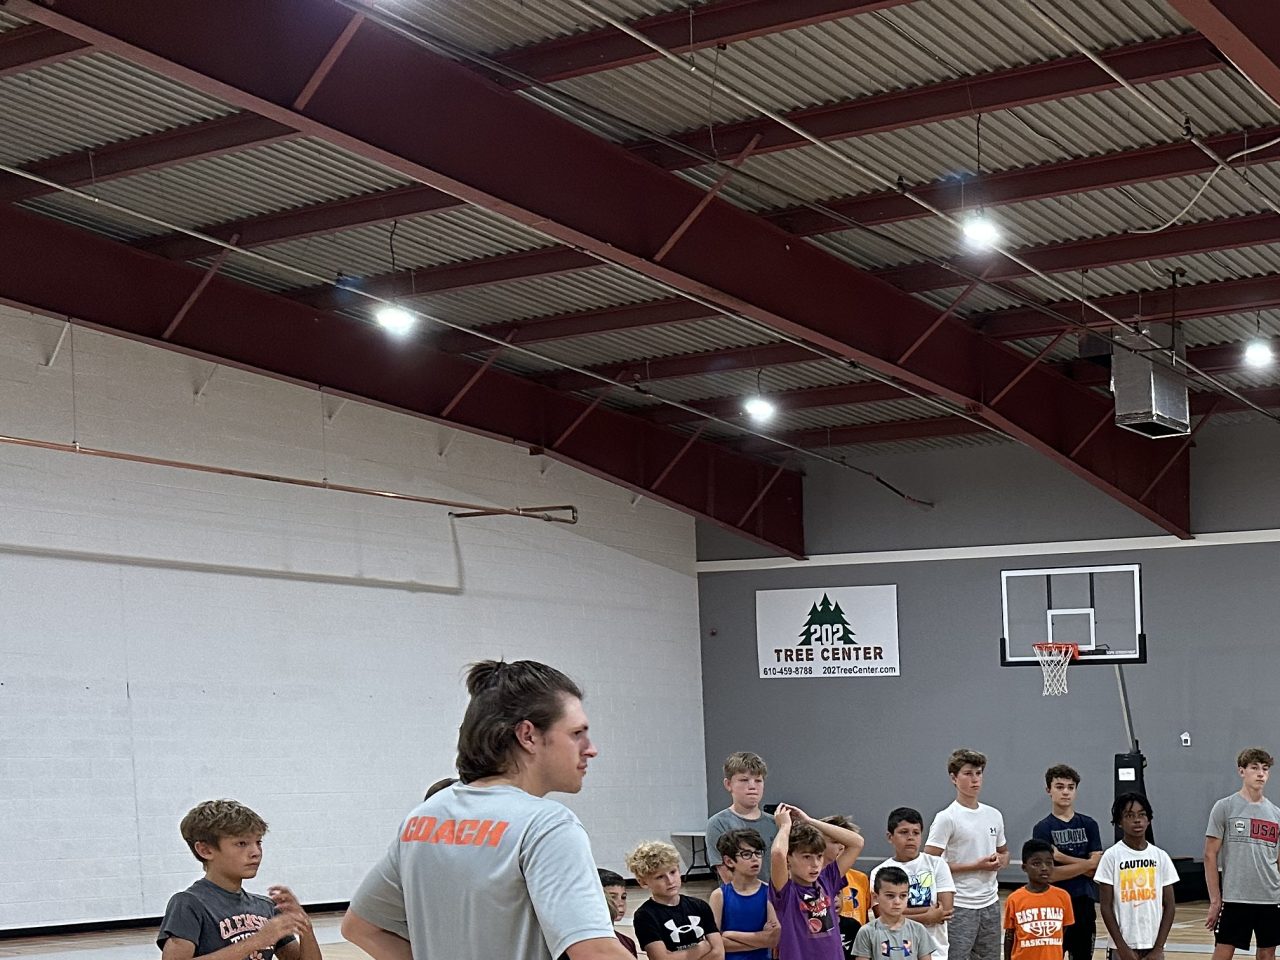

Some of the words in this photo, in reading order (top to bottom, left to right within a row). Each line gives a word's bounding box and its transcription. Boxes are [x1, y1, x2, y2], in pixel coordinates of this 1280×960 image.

[810, 624, 844, 646] 202
[774, 648, 814, 662] TREE
[821, 646, 883, 661] CENTER
[763, 666, 813, 676] 610-459-8788
[822, 665, 896, 675] 202TreeCenter.com
[401, 815, 509, 848] COACH
[1253, 823, 1276, 838] USA
[1120, 859, 1157, 870] CAUTION:
[1121, 867, 1156, 889] HOT
[1121, 888, 1156, 902] HANDS
[1015, 908, 1038, 924] EAST
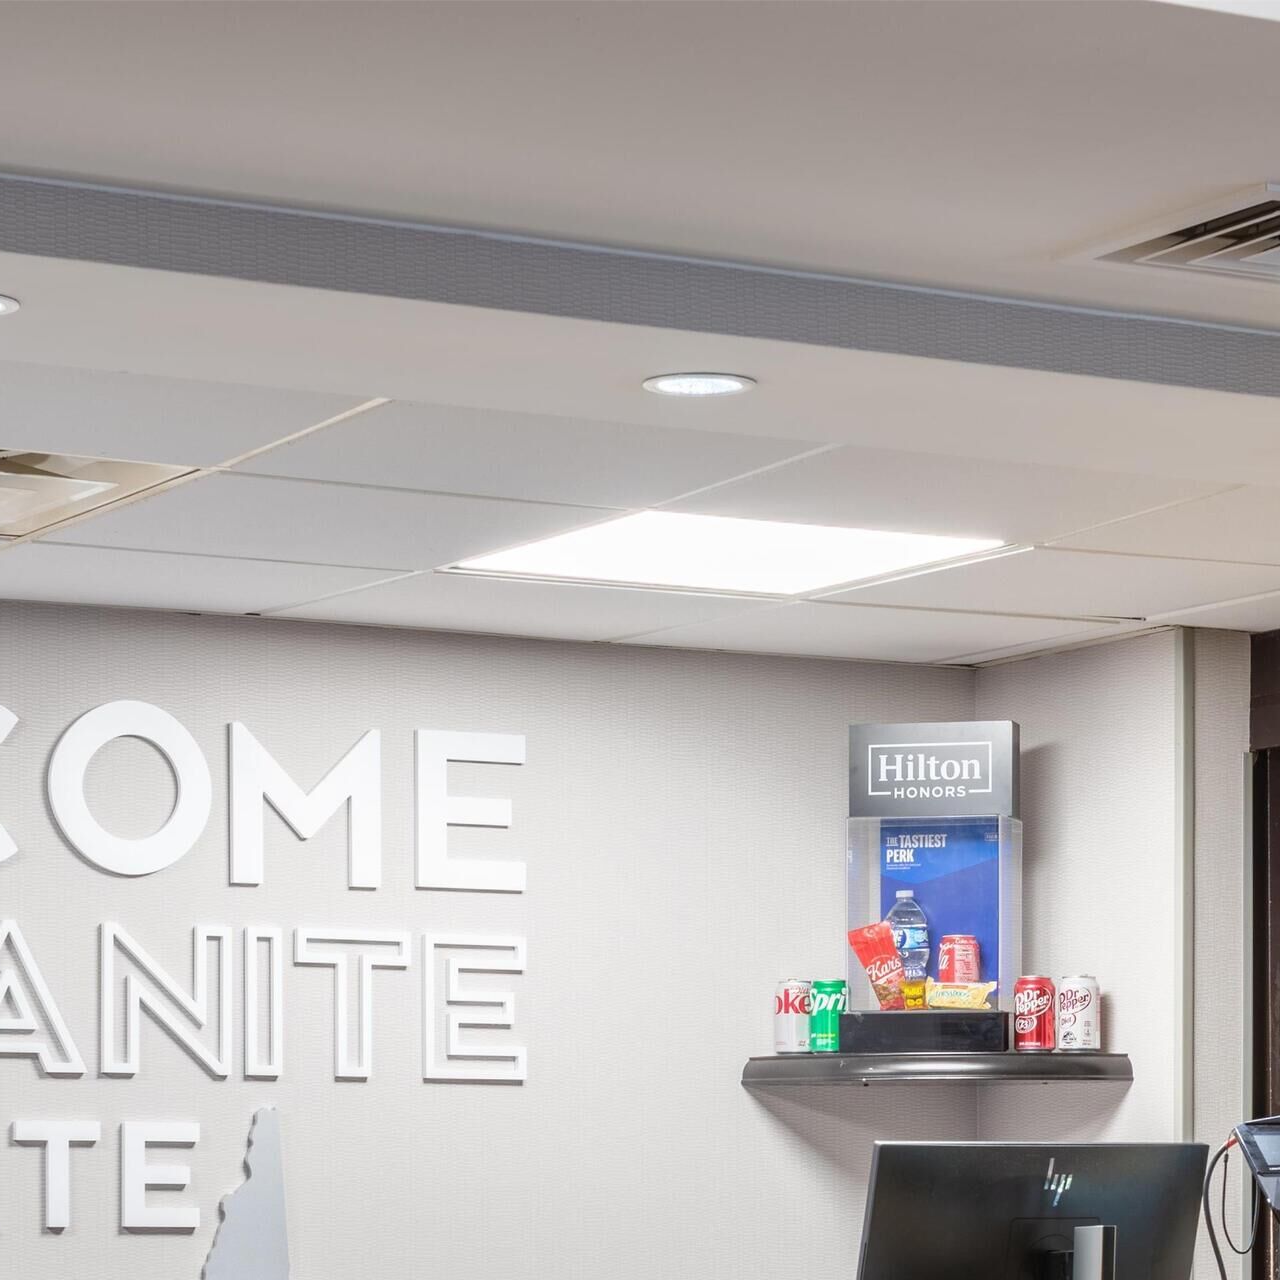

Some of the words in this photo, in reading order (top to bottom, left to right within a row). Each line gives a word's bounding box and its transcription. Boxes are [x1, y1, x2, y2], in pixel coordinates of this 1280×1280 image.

### What you have to do:
Reproduce the data above exactly, leaving out any picture in it.

### Result below:
Some of the words in this photo, in reading order (top to bottom, left to right within a row). Each line gives a word's bounding box and its transcription. Boxes are [x1, y1, x2, y2], in pixel coordinates of this 1280×960 image.

[810, 624, 844, 646] 202
[774, 648, 814, 662] TREE
[821, 646, 883, 661] CENTER
[763, 666, 813, 676] 610-459-8788
[822, 665, 896, 675] 202TreeCenter.com
[401, 815, 509, 848] COACH
[1253, 823, 1276, 838] USA
[1120, 859, 1157, 870] CAUTION:
[1121, 867, 1156, 889] HOT
[1121, 888, 1156, 902] HANDS
[1015, 908, 1038, 924] EAST

Some of the words in this photo, in reading order (top to bottom, left to right within a row). Each line gives a word's bounding box and its transcription. Boxes are [x1, y1, x2, y2], in pixel coordinates of this 1280×1280 image.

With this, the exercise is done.